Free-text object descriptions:
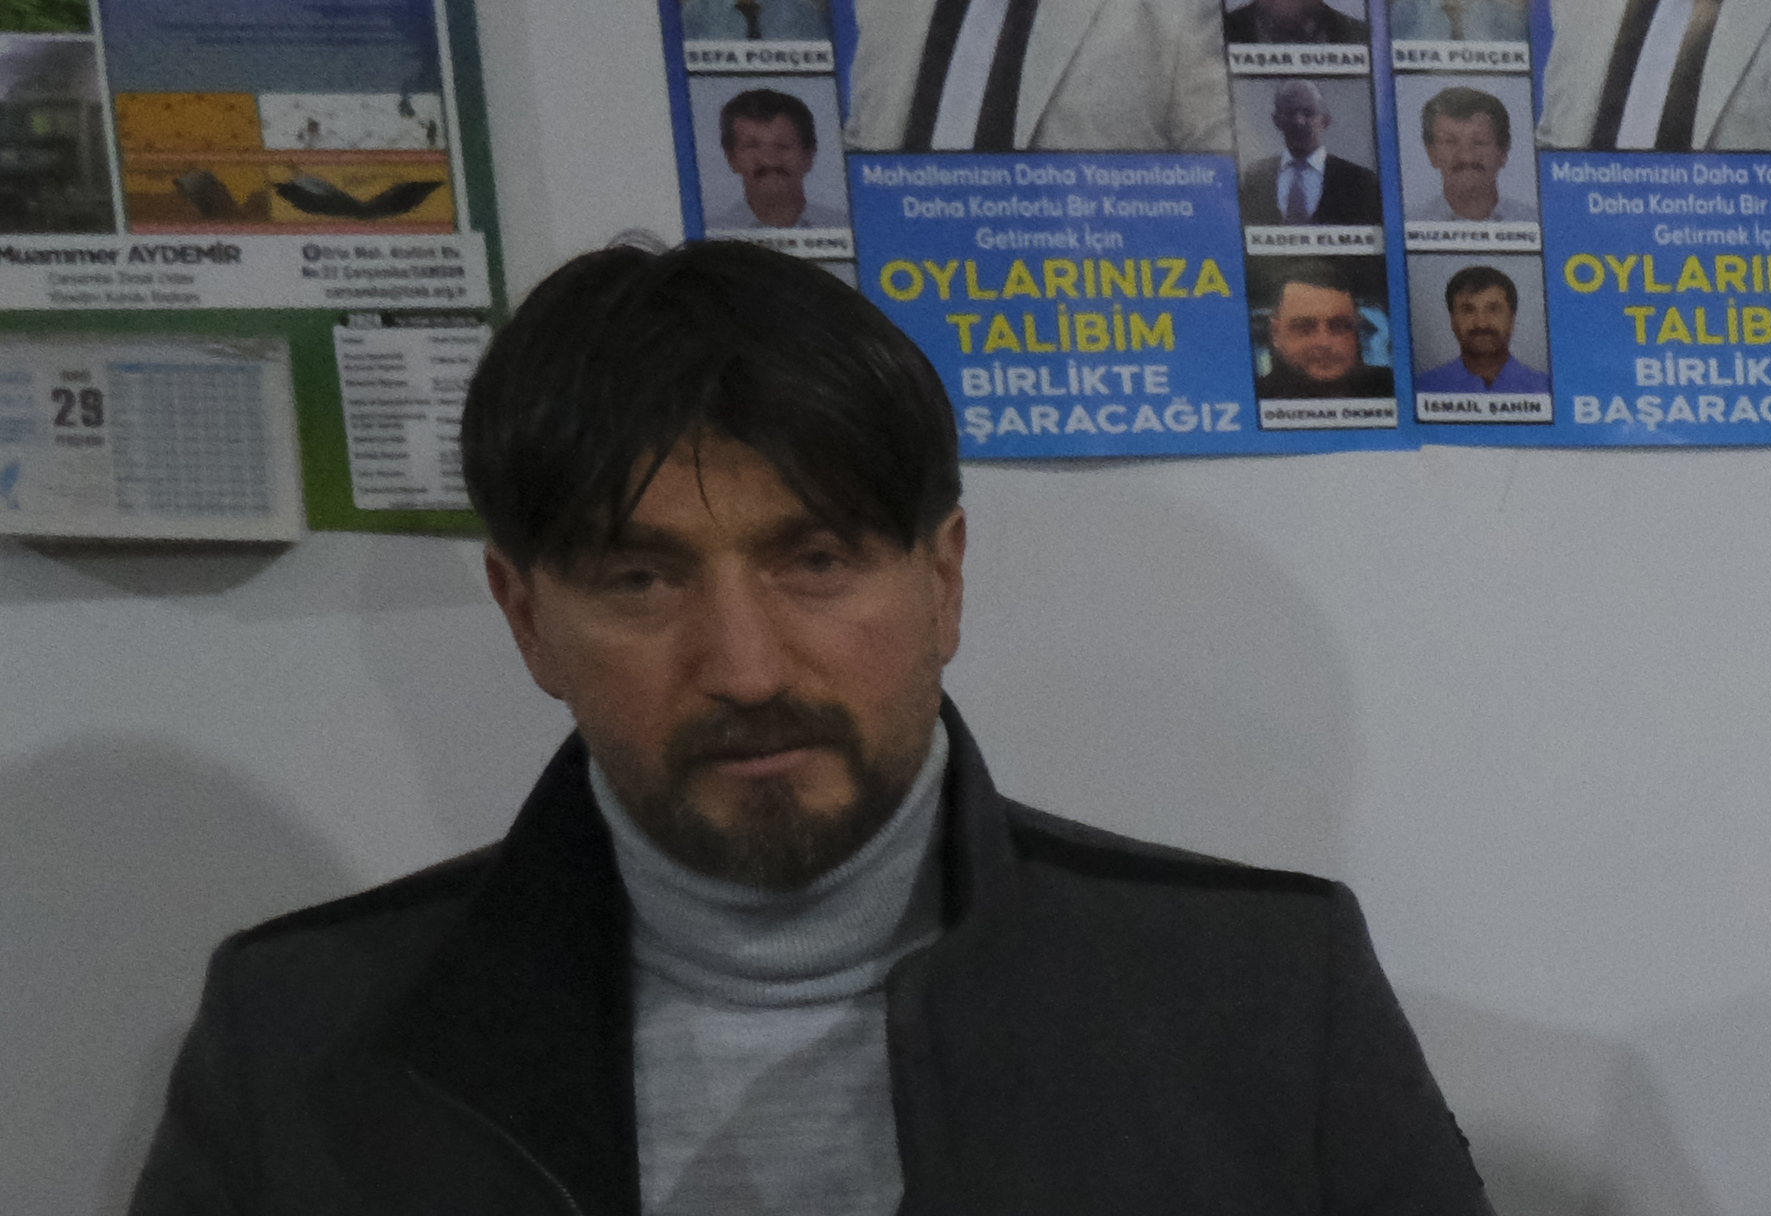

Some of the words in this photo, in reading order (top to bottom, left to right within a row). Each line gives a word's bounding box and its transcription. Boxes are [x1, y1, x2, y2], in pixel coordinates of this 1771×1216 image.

[863, 164, 1011, 186] Mahallemizin
[1015, 163, 1076, 185] Daha
[1552, 162, 1688, 183] Mahallemizin
[1693, 163, 1748, 183] Daha
[904, 195, 965, 218] Daha
[970, 195, 1062, 218] Konforlu
[1067, 195, 1098, 218] Bir
[1103, 196, 1194, 218] Konuma
[1587, 193, 1644, 215] Daha
[1649, 193, 1735, 215] Konforlu
[1740, 194, 1767, 215] Bir
[976, 226, 1079, 249] Getirmek
[1654, 224, 1748, 246] Getirmek
[879, 257, 1232, 300] OYLARINIZA
[945, 302, 1176, 353] TALİBİM
[961, 358, 1171, 397] BİRLİKTE
[51, 386, 104, 429] 29
[958, 396, 1242, 445] ŞARACAĞIZ

**INSTRUCTIONS TO FOLLOW**
Only the records, copied exactly and free of pictures, belong in the answer.

**REPLY**
Some of the words in this photo, in reading order (top to bottom, left to right within a row). Each line gives a word's bounding box and its transcription. Boxes are [x1, y1, x2, y2], in pixel coordinates of this 1771×1216 image.

[863, 164, 1011, 186] Mahallemizin
[1015, 163, 1076, 185] Daha
[1552, 162, 1688, 183] Mahallemizin
[1693, 163, 1748, 183] Daha
[904, 195, 965, 218] Daha
[970, 195, 1062, 218] Konforlu
[1067, 195, 1098, 218] Bir
[1103, 196, 1194, 218] Konuma
[1587, 193, 1644, 215] Daha
[1649, 193, 1735, 215] Konforlu
[1740, 194, 1767, 215] Bir
[976, 226, 1079, 249] Getirmek
[1654, 224, 1748, 246] Getirmek
[879, 257, 1232, 300] OYLARINIZA
[945, 302, 1176, 353] TALİBİM
[961, 358, 1171, 397] BİRLİKTE
[51, 386, 104, 429] 29
[958, 396, 1242, 445] ŞARACAĞIZ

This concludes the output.